* _To do_
Print only the closing part of the entries. It starts at the line containing "this 1924×1277 image." and includes the final line, exactly as written.

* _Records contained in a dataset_
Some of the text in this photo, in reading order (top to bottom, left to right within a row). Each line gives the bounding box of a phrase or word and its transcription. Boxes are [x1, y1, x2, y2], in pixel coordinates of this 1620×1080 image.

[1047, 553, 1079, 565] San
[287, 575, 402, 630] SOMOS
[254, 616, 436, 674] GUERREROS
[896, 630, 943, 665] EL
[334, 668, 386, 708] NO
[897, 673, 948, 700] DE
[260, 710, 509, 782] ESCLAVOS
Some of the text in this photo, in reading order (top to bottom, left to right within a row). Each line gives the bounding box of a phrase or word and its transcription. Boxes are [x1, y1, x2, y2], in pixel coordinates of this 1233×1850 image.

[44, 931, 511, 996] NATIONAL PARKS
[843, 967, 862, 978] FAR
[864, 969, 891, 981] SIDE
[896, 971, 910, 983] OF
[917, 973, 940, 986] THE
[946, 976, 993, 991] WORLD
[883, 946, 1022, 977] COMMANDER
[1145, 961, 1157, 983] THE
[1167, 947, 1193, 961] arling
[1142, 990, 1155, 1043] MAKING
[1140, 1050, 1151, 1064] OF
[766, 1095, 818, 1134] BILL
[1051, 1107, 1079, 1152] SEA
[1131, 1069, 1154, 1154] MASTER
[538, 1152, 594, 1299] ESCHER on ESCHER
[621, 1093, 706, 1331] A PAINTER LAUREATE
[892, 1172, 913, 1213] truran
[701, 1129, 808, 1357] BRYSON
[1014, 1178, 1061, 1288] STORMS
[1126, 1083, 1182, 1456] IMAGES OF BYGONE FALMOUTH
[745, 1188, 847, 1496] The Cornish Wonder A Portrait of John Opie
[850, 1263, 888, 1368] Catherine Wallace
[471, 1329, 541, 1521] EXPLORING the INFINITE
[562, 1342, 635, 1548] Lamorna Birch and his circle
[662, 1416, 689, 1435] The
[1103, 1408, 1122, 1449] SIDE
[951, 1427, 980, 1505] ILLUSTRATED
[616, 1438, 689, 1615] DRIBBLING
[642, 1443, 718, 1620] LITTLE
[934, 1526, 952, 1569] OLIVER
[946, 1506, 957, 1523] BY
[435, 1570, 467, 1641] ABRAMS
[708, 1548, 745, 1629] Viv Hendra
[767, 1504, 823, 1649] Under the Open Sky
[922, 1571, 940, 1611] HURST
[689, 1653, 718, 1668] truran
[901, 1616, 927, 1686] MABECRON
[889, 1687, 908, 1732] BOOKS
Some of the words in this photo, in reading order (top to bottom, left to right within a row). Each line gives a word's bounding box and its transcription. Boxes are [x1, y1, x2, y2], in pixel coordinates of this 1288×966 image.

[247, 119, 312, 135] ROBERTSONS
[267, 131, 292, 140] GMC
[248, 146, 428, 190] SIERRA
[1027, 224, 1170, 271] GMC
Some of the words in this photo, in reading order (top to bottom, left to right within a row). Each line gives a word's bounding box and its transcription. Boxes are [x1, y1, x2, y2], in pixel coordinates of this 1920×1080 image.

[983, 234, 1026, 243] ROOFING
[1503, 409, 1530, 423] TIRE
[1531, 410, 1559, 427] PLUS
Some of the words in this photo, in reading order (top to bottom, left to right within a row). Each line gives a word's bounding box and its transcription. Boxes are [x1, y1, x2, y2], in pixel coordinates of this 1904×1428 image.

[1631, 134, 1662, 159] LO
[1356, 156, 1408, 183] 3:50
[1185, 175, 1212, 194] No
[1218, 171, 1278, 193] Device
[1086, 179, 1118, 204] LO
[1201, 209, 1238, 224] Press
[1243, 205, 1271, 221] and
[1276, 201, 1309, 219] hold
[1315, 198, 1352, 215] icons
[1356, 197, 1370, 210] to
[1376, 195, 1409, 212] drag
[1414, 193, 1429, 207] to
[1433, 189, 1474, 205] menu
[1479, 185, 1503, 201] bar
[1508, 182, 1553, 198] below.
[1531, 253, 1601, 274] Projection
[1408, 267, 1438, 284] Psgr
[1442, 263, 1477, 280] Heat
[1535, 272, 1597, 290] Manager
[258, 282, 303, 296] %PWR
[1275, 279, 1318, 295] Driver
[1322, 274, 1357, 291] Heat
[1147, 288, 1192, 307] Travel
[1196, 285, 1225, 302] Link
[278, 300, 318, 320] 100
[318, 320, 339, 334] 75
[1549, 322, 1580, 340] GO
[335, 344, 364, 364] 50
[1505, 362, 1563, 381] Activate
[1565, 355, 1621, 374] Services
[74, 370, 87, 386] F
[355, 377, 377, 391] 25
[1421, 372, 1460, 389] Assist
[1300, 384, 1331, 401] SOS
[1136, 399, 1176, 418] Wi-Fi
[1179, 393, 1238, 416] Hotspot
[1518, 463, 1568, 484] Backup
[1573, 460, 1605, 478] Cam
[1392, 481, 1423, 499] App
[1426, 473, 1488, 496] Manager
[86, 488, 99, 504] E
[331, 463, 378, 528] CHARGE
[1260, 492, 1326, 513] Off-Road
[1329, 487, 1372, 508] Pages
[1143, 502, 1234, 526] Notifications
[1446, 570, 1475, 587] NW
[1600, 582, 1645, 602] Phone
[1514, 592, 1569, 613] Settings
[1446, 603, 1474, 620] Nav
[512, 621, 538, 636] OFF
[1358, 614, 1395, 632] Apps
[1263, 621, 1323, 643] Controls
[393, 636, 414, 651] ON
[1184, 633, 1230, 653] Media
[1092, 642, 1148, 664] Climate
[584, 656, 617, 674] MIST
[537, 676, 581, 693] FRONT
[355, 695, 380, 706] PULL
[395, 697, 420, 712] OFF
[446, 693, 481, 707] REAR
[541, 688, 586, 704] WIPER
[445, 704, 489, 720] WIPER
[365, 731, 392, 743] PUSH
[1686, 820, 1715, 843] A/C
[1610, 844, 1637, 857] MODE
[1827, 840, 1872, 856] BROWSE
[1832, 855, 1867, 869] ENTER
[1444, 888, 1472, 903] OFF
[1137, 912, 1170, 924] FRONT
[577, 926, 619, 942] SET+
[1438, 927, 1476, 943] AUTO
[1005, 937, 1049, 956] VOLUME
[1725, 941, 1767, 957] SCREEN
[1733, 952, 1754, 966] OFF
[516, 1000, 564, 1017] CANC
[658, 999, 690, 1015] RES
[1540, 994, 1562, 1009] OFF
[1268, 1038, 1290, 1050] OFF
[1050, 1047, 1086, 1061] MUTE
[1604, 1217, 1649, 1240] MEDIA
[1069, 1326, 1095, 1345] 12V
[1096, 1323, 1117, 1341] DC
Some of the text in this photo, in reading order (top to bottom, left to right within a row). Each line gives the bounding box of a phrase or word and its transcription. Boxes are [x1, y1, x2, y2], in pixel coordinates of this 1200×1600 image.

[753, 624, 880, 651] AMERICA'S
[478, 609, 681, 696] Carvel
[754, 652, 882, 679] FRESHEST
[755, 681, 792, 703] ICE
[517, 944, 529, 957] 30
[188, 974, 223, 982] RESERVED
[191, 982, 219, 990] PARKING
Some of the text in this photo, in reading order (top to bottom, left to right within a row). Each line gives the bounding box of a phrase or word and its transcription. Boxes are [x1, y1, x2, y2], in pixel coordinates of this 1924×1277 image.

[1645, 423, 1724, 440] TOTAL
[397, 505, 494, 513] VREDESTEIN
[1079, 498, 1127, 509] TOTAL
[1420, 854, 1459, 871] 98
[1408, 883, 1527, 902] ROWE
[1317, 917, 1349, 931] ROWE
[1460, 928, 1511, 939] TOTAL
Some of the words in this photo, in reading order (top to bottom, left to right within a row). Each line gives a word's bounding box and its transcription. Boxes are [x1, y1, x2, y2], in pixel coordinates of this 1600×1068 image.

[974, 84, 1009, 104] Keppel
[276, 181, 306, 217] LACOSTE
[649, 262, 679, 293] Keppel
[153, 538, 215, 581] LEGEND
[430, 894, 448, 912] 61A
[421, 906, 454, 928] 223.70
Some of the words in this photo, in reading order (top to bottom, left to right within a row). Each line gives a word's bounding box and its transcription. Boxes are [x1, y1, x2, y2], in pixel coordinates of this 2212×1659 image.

* _Expected answer_
Some of the text in this photo, in reading order (top to bottom, left to right within a row). Each line gives the bounding box of a phrase or word and its transcription. Boxes are [x1, y1, x2, y2], in pixel coordinates of this 1924×1277 image.

[1645, 423, 1724, 440] TOTAL
[397, 505, 494, 513] VREDESTEIN
[1079, 498, 1127, 509] TOTAL
[1420, 854, 1459, 871] 98
[1408, 883, 1527, 902] ROWE
[1317, 917, 1349, 931] ROWE
[1460, 928, 1511, 939] TOTAL
Some of the words in this photo, in reading order (top to bottom, left to right within a row). Each line gives a word's bounding box and its transcription. Boxes are [x1, y1, x2, y2], in pixel coordinates of this 1600×1068 image.

[974, 84, 1009, 104] Keppel
[276, 181, 306, 217] LACOSTE
[649, 262, 679, 293] Keppel
[153, 538, 215, 581] LEGEND
[430, 894, 448, 912] 61A
[421, 906, 454, 928] 223.70
Some of the words in this photo, in reading order (top to bottom, left to right within a row). Each line gives a word's bounding box and its transcription. Boxes are [x1, y1, x2, y2], in pixel coordinates of this 2212×1659 image.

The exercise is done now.